What is being asked
The whole listing is to be repeated exactly. Add nothing.

BEGIN Exercise data

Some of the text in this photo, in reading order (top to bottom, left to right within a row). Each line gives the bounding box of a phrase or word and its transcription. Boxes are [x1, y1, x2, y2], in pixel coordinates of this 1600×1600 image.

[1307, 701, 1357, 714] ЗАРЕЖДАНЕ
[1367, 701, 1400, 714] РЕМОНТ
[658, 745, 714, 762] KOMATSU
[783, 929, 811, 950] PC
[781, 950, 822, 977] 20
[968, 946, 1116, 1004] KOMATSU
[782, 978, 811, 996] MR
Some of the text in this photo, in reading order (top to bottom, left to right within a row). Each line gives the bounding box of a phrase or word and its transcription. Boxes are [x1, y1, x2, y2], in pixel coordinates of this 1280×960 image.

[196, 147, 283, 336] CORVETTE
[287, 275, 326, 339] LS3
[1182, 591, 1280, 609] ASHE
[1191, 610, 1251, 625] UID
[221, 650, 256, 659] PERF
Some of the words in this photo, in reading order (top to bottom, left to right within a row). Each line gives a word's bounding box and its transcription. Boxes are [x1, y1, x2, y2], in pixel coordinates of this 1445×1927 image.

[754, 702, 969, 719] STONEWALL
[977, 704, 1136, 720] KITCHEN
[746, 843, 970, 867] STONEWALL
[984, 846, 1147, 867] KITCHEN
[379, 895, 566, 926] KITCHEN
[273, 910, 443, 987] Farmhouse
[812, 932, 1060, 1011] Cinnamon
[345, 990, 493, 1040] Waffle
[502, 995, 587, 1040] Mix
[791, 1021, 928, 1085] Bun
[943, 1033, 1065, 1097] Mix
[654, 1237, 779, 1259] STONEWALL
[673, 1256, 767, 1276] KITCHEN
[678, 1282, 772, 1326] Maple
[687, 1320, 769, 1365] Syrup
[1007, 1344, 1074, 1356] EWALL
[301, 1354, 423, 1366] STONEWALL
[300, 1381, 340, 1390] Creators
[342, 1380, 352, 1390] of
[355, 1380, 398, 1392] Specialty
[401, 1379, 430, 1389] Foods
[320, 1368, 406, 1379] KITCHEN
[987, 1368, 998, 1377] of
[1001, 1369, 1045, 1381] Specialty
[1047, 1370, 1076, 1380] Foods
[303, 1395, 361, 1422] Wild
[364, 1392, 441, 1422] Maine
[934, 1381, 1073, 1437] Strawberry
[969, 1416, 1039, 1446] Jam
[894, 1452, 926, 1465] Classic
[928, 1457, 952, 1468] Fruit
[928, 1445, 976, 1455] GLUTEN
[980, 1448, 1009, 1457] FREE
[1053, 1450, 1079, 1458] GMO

END Exercise data

Response area
Some of the text in this photo, in reading order (top to bottom, left to right within a row). Each line gives the bounding box of a phrase or word and its transcription. Boxes are [x1, y1, x2, y2], in pixel coordinates of this 1600×1600 image.

[1307, 701, 1357, 714] ЗАРЕЖДАНЕ
[1367, 701, 1400, 714] РЕМОНТ
[658, 745, 714, 762] KOMATSU
[783, 929, 811, 950] PC
[781, 950, 822, 977] 20
[968, 946, 1116, 1004] KOMATSU
[782, 978, 811, 996] MR
Some of the text in this photo, in reading order (top to bottom, left to right within a row). Each line gives the bounding box of a phrase or word and its transcription. Boxes are [x1, y1, x2, y2], in pixel coordinates of this 1280×960 image.

[196, 147, 283, 336] CORVETTE
[287, 275, 326, 339] LS3
[1182, 591, 1280, 609] ASHE
[1191, 610, 1251, 625] UID
[221, 650, 256, 659] PERF
Some of the words in this photo, in reading order (top to bottom, left to right within a row). Each line gives a word's bounding box and its transcription. Boxes are [x1, y1, x2, y2], in pixel coordinates of this 1445×1927 image.

[754, 702, 969, 719] STONEWALL
[977, 704, 1136, 720] KITCHEN
[746, 843, 970, 867] STONEWALL
[984, 846, 1147, 867] KITCHEN
[379, 895, 566, 926] KITCHEN
[273, 910, 443, 987] Farmhouse
[812, 932, 1060, 1011] Cinnamon
[345, 990, 493, 1040] Waffle
[502, 995, 587, 1040] Mix
[791, 1021, 928, 1085] Bun
[943, 1033, 1065, 1097] Mix
[654, 1237, 779, 1259] STONEWALL
[673, 1256, 767, 1276] KITCHEN
[678, 1282, 772, 1326] Maple
[687, 1320, 769, 1365] Syrup
[1007, 1344, 1074, 1356] EWALL
[301, 1354, 423, 1366] STONEWALL
[300, 1381, 340, 1390] Creators
[342, 1380, 352, 1390] of
[355, 1380, 398, 1392] Specialty
[401, 1379, 430, 1389] Foods
[320, 1368, 406, 1379] KITCHEN
[987, 1368, 998, 1377] of
[1001, 1369, 1045, 1381] Specialty
[1047, 1370, 1076, 1380] Foods
[303, 1395, 361, 1422] Wild
[364, 1392, 441, 1422] Maine
[934, 1381, 1073, 1437] Strawberry
[969, 1416, 1039, 1446] Jam
[894, 1452, 926, 1465] Classic
[928, 1457, 952, 1468] Fruit
[928, 1445, 976, 1455] GLUTEN
[980, 1448, 1009, 1457] FREE
[1053, 1450, 1079, 1458] GMO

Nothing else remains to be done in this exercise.